Preferably, the powder M is at least one selected from nano silicon, nano carbon, nano tin, nano gold and nano platinum, and is preferably nano silicon.
The powder M is preferably nano silicon, and the nano silicon can consume more lithium dendrites under the condition that the addition amount of the powder M is the same because the silicon has higher specific mass capacity (4200 mAh/g).
Preferably, the powder M is selected from a combination of at least two of nano-silicon, nano-carbon, nano-tin, nano-gold and nano-platinum, and the combination exemplarily includes a combination of nano-silicon and nano-carbon, a combination of nano-tin and nano-gold, a combination of nano-platinum and nano-silicon, a combination of nano-carbon and nano-tin, a combination of nano-gold and nano-platinum, and the like.
Preferably, the first solid electrolyte layer contains solid electrolyte particles.
Preferably, the second solid electrolyte layer contains solid electrolyte particles.

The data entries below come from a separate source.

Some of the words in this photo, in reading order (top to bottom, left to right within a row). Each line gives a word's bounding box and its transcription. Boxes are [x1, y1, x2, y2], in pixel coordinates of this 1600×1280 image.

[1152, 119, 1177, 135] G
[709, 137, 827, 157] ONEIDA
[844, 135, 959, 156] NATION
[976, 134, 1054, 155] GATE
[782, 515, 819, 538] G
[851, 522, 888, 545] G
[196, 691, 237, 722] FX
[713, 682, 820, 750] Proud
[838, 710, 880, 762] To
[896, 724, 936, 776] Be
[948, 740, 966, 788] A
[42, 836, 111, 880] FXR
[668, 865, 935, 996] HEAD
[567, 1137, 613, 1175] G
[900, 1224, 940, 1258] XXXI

Preferably, the first solid electrolyte layer and the second solid electrolyte layer do not contain powder M.
Preferably, the particle size of the solid electrolyte particles is larger than the particle size of the powder M.

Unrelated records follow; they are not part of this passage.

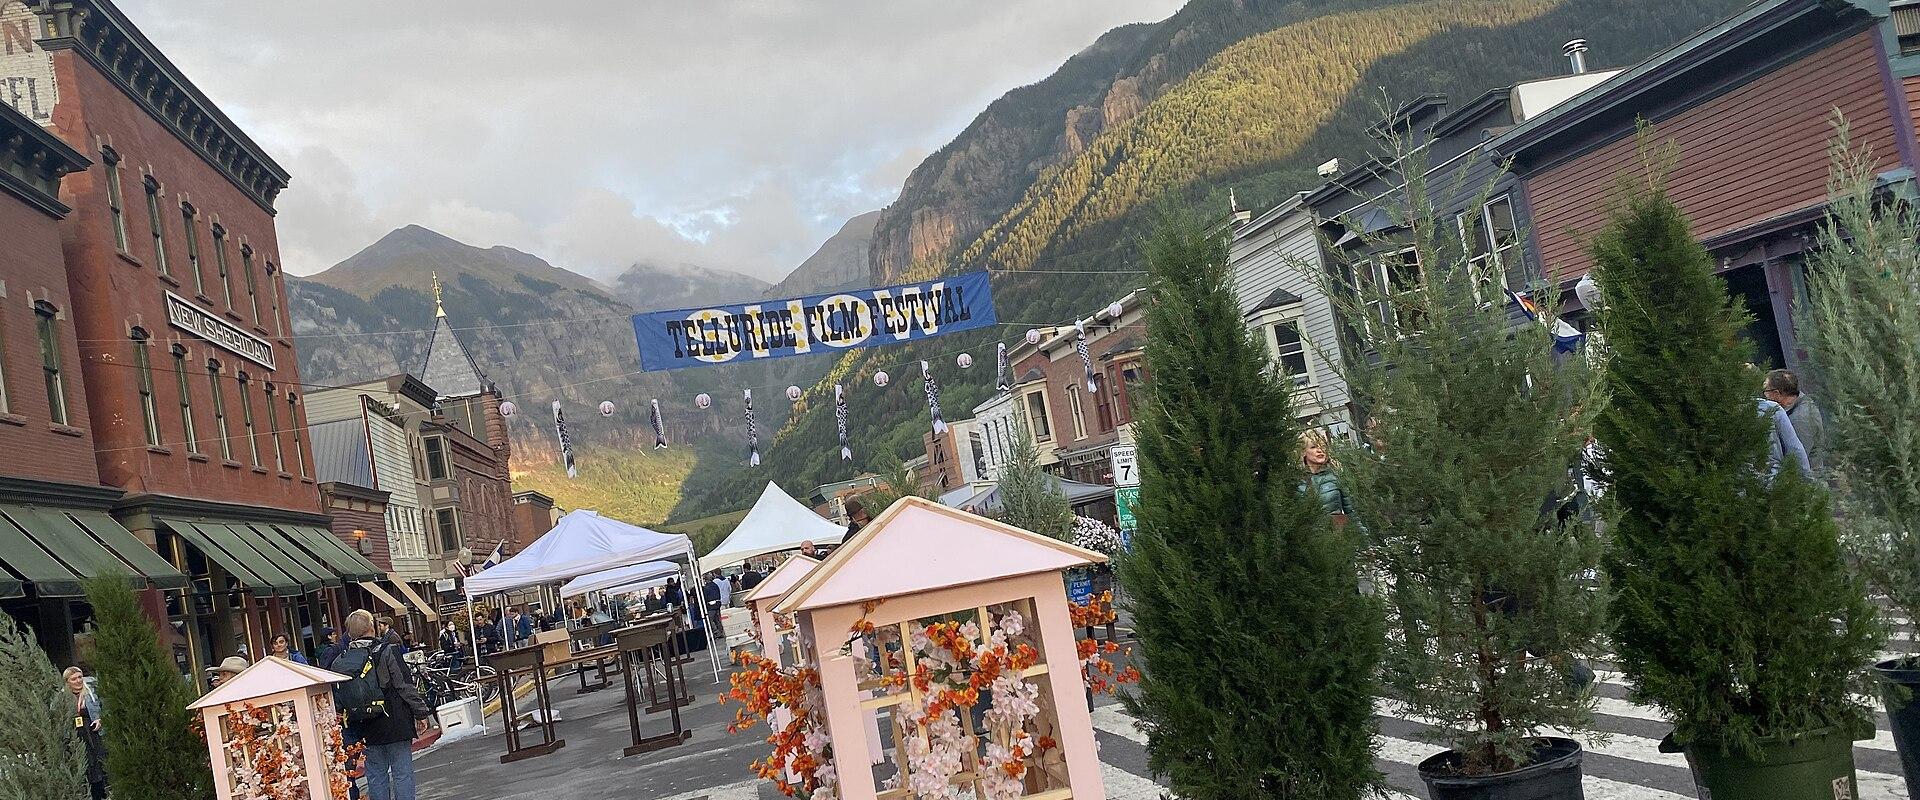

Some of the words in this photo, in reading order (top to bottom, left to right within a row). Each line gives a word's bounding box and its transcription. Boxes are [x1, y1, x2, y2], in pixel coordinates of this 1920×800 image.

[0, 77, 49, 119] EL
[168, 299, 202, 333] NEW
[204, 316, 272, 365] SHERIDAN
[666, 309, 797, 358] TELLURIDE
[803, 300, 862, 344] FILM
[865, 285, 971, 336] FESTIVAL
[1113, 450, 1135, 458] SPEED
[1116, 457, 1133, 465] LIMIT
[1120, 464, 1131, 481] 7

The particle size of the solid electrolyte particles is micron-sized powder, and in order to enable the powder M to be better filled in gaps of the solid electrolyte particles, the powder M is nano-sized powder.
Preferably, the solid electrolyte particles are selected from at least one of a sulfide solid electrolyte, an anti-perovskite electrolyte, a halogen electrolyte, a polymer electrolyte and an oxide electrolyte, preferably a sulfide electrolyte.
Preferably, the solid electrolyte particles have a particle size in the micron range, preferably a D50 of 0.3 μm to 10 μm, such as 1 μm, 3 μm, 5 μm, 7 μm or 9 μm, etc.
Preferably, the particle size of the powder M is in the nanometer range, preferably D50 is 10-1000 nm, such as 30nm, 50nm, 100nm, 300nm, 500nm, 700nm or 900nm, and more preferably 50-500 nm.
The particle diameters of the solid electrolyte particles and the powder M are in the range, so that the powder M can be better filled in the gaps of the solid electrolyte particles, and the following effects are realized: (1) the filling of the nano powder M does not influence the continuous contact among solid electrolyte particles, so that the ionic conduction and the conductivity of an electrolyte layer are not influenced; (2) nanometer powder M distributes more evenly between solid electrolyte granule, when lithium dendrite grows to "intermediate level", just can contact with nanometer powder M more, and then can fall lithium dendrite "digestion" fast, further promotes the security of battery, avoids the battery inefficacy.
Preferably, the thickness of the first solid electrolyte layer is 2 to 50 μm, for example, 3 μm, 5 μm, 10 μm, 15 μm, 20 μm, 25 μm, 30 μm, 35 μm, 40 μm, or 45 μm, and more preferably 8 to 15 μm.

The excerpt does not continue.